■ Task directions ■
Word for word, print each line of the listing below; pictures stay out.

■ Data for review ■
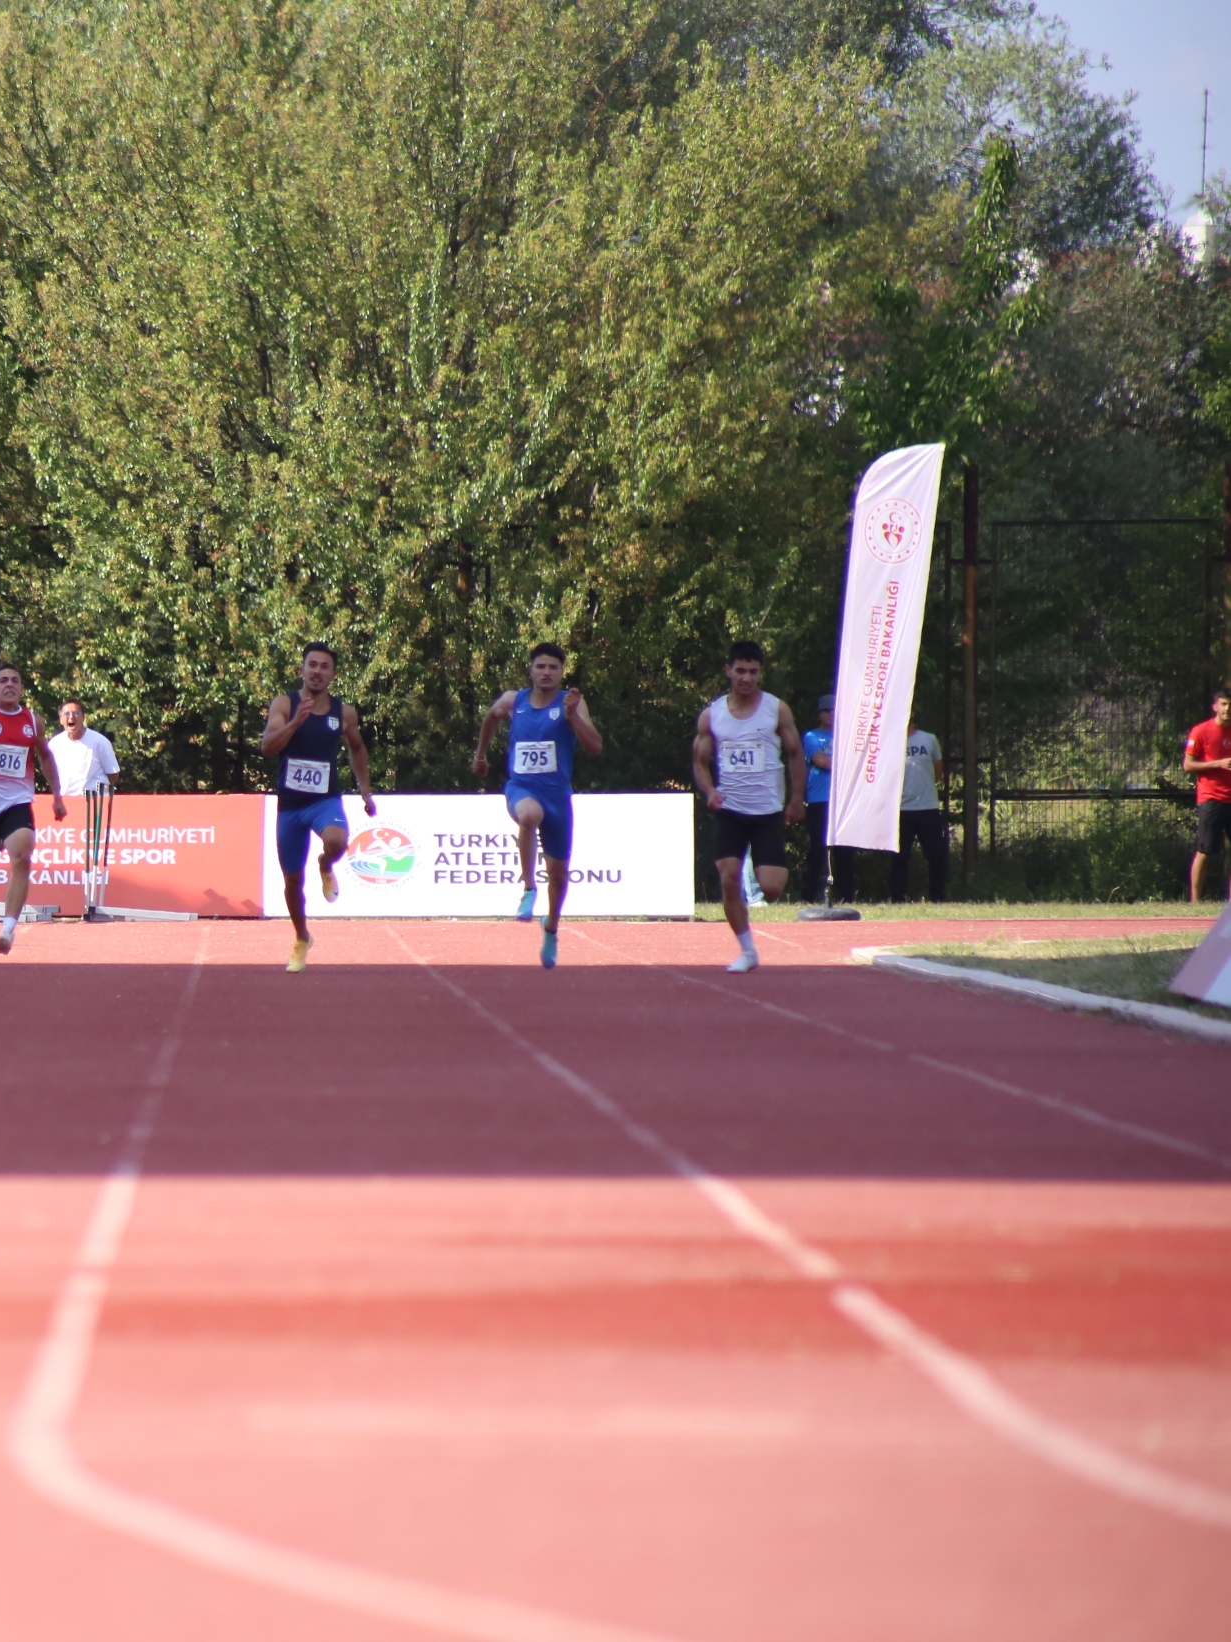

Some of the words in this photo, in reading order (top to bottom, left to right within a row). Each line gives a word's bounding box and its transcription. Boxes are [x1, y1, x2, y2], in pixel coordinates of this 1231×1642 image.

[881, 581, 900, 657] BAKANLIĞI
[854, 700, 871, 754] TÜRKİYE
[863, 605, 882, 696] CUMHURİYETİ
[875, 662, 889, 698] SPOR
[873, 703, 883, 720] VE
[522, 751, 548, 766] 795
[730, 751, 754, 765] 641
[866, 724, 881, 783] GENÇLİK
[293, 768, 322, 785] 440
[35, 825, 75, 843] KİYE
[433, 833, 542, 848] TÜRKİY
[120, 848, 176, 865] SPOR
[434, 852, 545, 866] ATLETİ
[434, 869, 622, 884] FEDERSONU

■ Answer below ■
Some of the words in this photo, in reading order (top to bottom, left to right within a row). Each line gives a word's bounding box and its transcription. Boxes are [x1, y1, x2, y2], in pixel coordinates of this 1231×1642 image.

[881, 581, 900, 657] BAKANLIĞI
[854, 700, 871, 754] TÜRKİYE
[863, 605, 882, 696] CUMHURİYETİ
[875, 662, 889, 698] SPOR
[873, 703, 883, 720] VE
[522, 751, 548, 766] 795
[730, 751, 754, 765] 641
[866, 724, 881, 783] GENÇLİK
[293, 768, 322, 785] 440
[35, 825, 75, 843] KİYE
[433, 833, 542, 848] TÜRKİY
[120, 848, 176, 865] SPOR
[434, 852, 545, 866] ATLETİ
[434, 869, 622, 884] FEDERSONU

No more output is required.